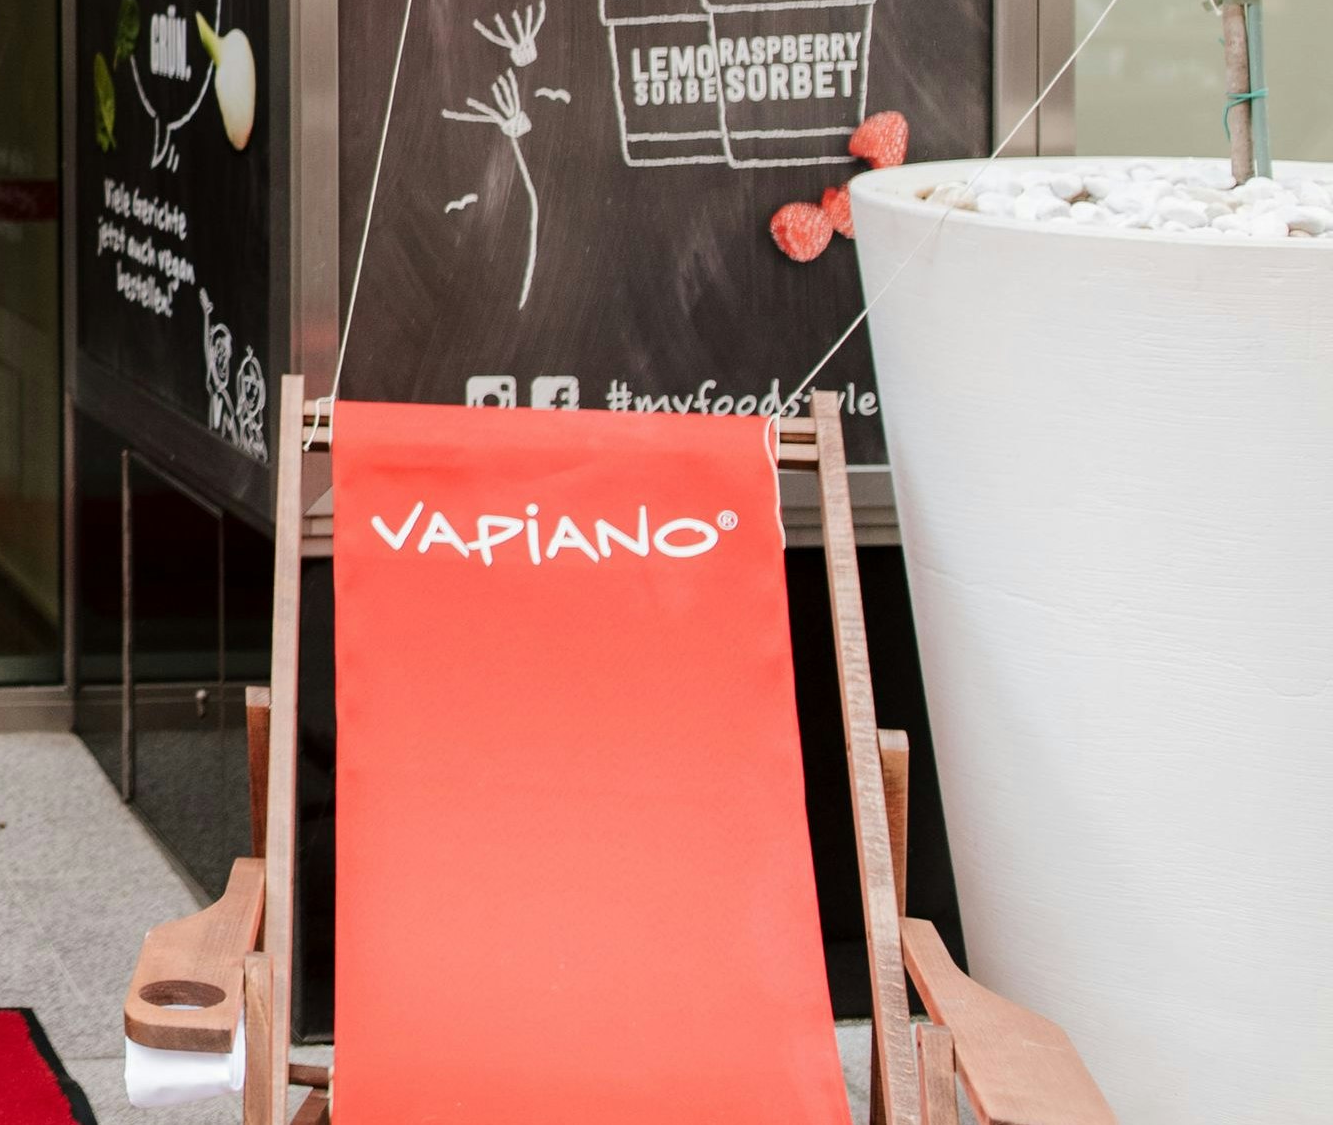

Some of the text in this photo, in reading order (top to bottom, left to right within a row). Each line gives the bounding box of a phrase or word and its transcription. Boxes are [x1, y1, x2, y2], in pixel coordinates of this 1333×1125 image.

[631, 44, 715, 82] LEMO
[719, 32, 861, 67] RASPBERRY
[634, 77, 718, 106] SORBE
[724, 60, 858, 103] SORBET
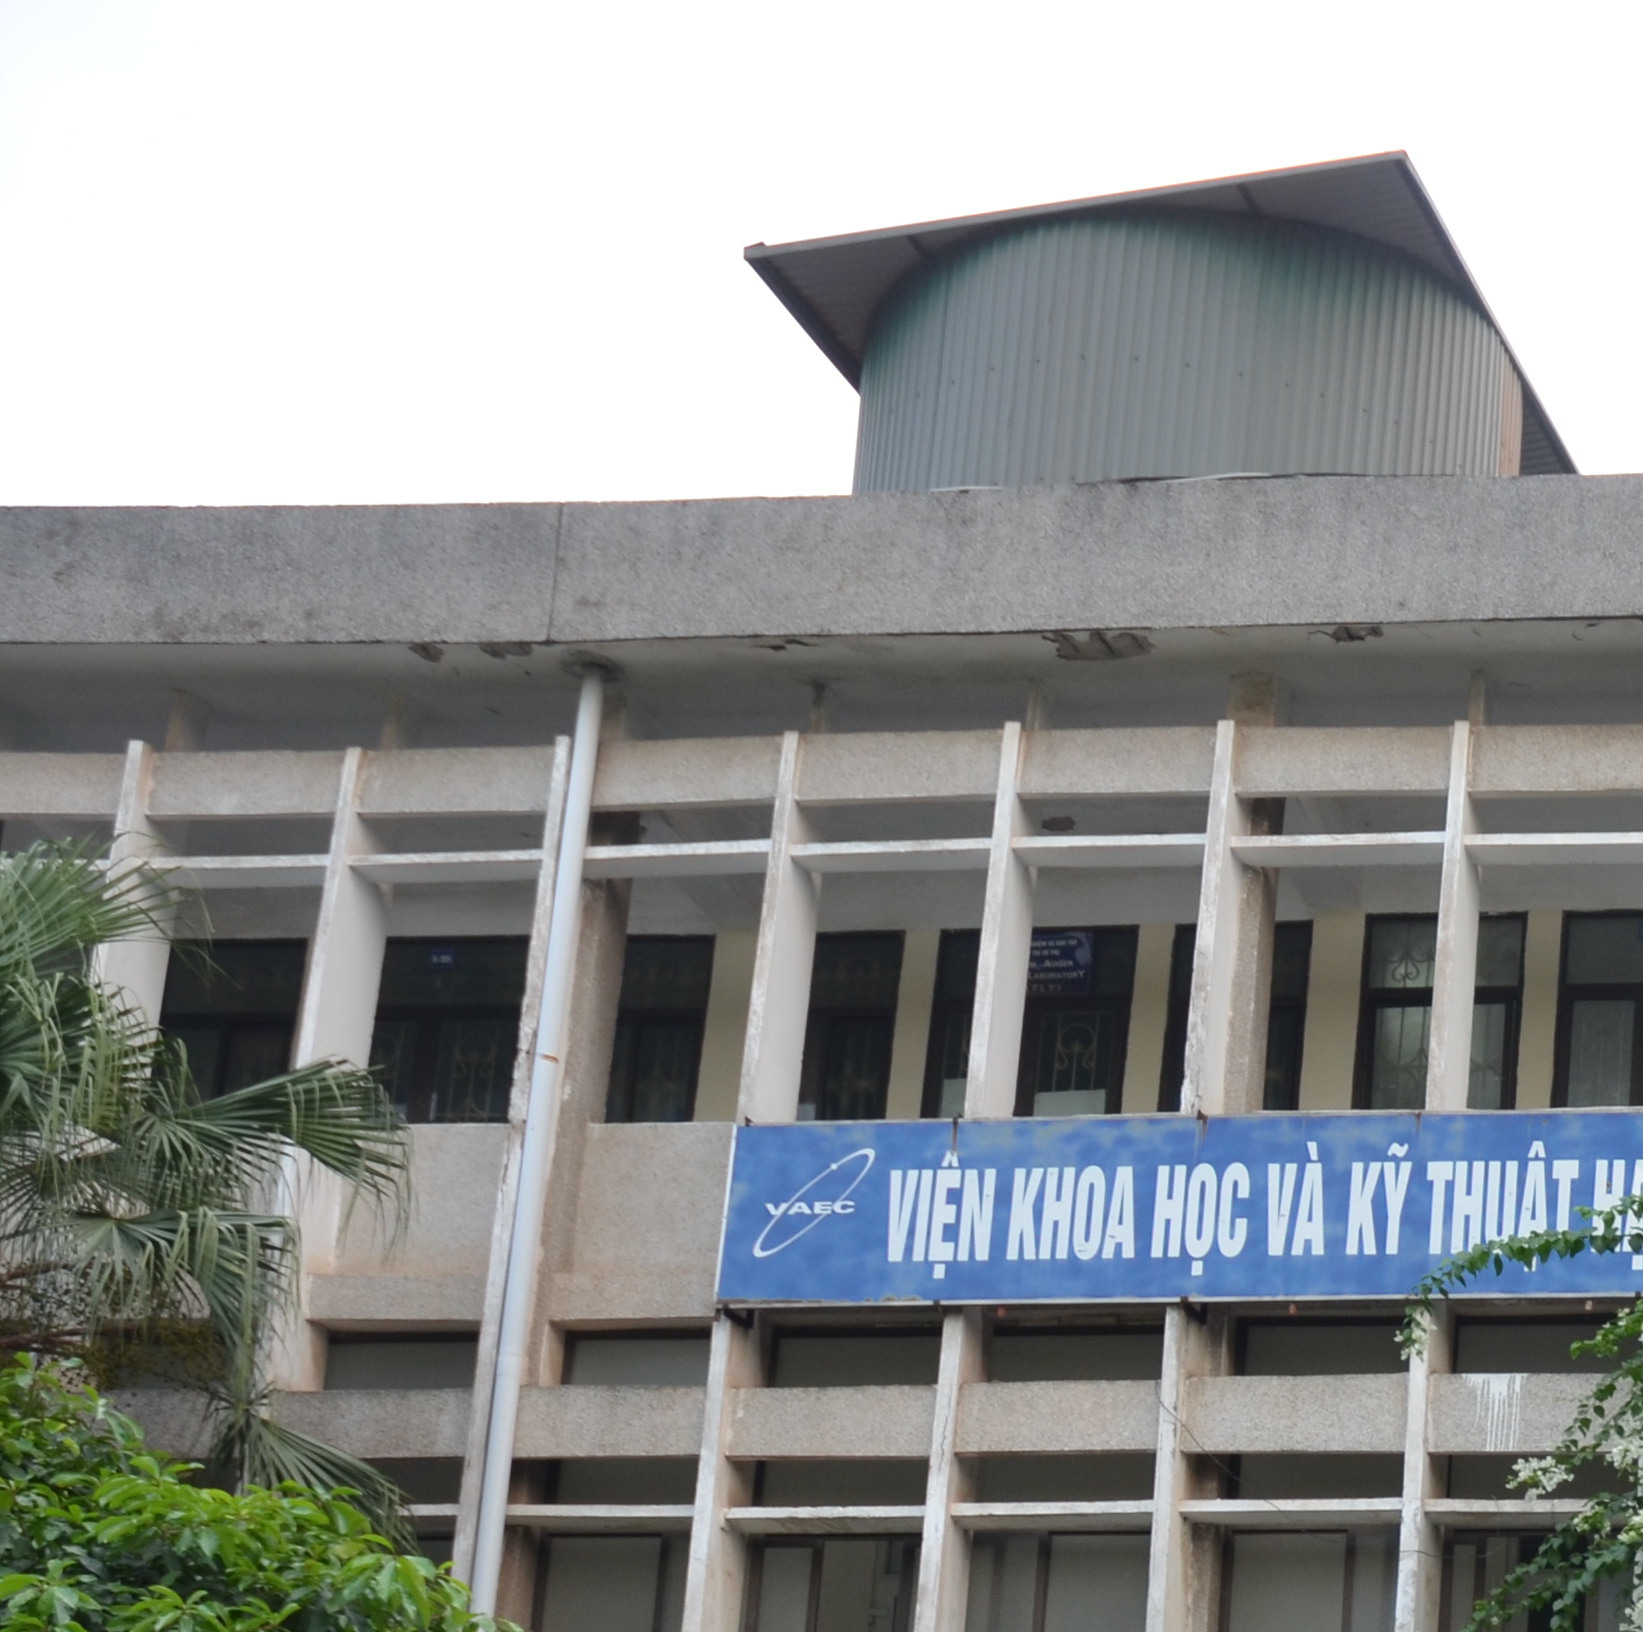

◆ **Problem**: Exactly reproduce each entry, but drop the pictures.

◆ **Answer section**:
Some of the text in this photo, in reading order (top to bottom, left to right within a row). Each line gives the bounding box of a phrase or word and its transcription. Boxes are [x1, y1, x2, y2], in pixel coordinates of this 1333×1125 image.

[631, 44, 715, 82] LEMO
[719, 32, 861, 67] RASPBERRY
[634, 77, 718, 106] SORBE
[724, 60, 858, 103] SORBET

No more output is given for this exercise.